Assange has been re-arrested, the previous extradition warrant has been withdrawn and the new warrant has been served.
NGOs access to Assange hearing revoked
Judge Vanessa Baraitser then announced that some 40 individuals were granted remove (video) access to the proceedings by mistake, and their access has been revoked. Courage has learned that those whose access was rescinded include representatives from Amnesty International and PEN Norway.
“I know that others are attending this hearing remotely and in an adjacent courtroom. I am allowing this to take place for social distancing and technology allows us to watch this remotely. Those who attend remotely are still bound to the usual rules relevant to court hearings. I remind you that it is a criminal offense to record or broadcast any part of this hearing, including screenshots on any device. As you know I am aware that a photograph has been taken of Mr Assange inside court and shared on social media in breach of these rules.

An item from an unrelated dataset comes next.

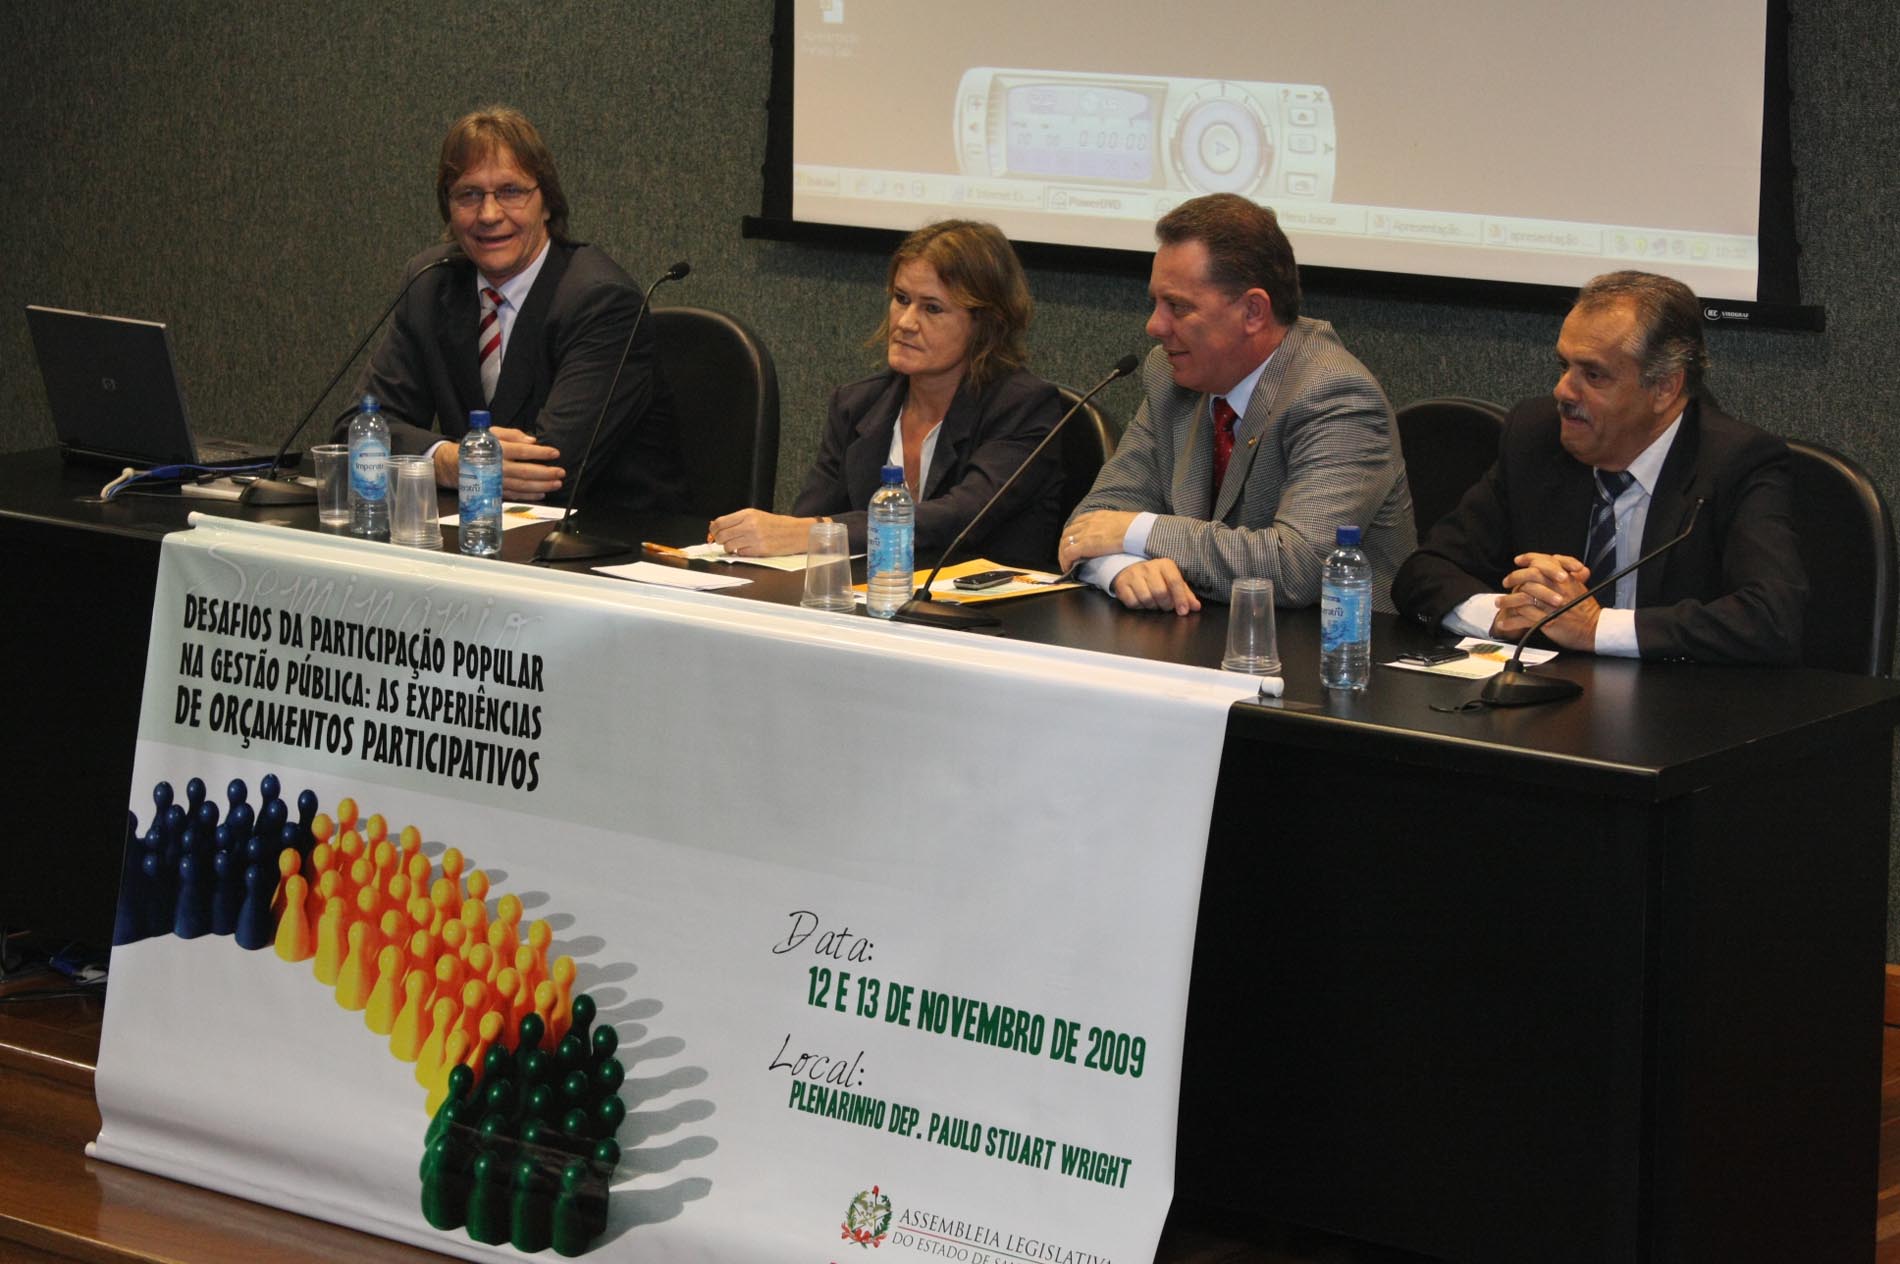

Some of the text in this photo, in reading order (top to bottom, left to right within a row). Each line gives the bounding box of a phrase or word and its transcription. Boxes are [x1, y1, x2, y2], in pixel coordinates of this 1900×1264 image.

I have received a list of 40 people who wish to attend this remotely by cloud. This is something I can consider but only after I have received an application. I have granted a number of remote access to lawyers and a small number of people including lawyers who have acted for Mr Assange in closely related proceedings. In error, the court sent out to others who had sought access. During this pandemic, there have been changes about how people can access proceedings. I remain concerned about my ability to maintain the integrity of the court if they are able to attend remotely. Normally, I can see what is happening in the court room to ensure the integrity of courtroom is maintained. Once livestreaming takes place, the court cannot manage this breach even less when the person is outside the jurisdiction. I want to make it clear that the public interest and allowing remote access is unlikely to meet the interests of justice tests. There are many jurisdictions allowing travel to the UK during COVID, so lessening restrictions on travel. For those who consider they still not travel to the UK to attend the hearing, then they need to apply again and I will consider it.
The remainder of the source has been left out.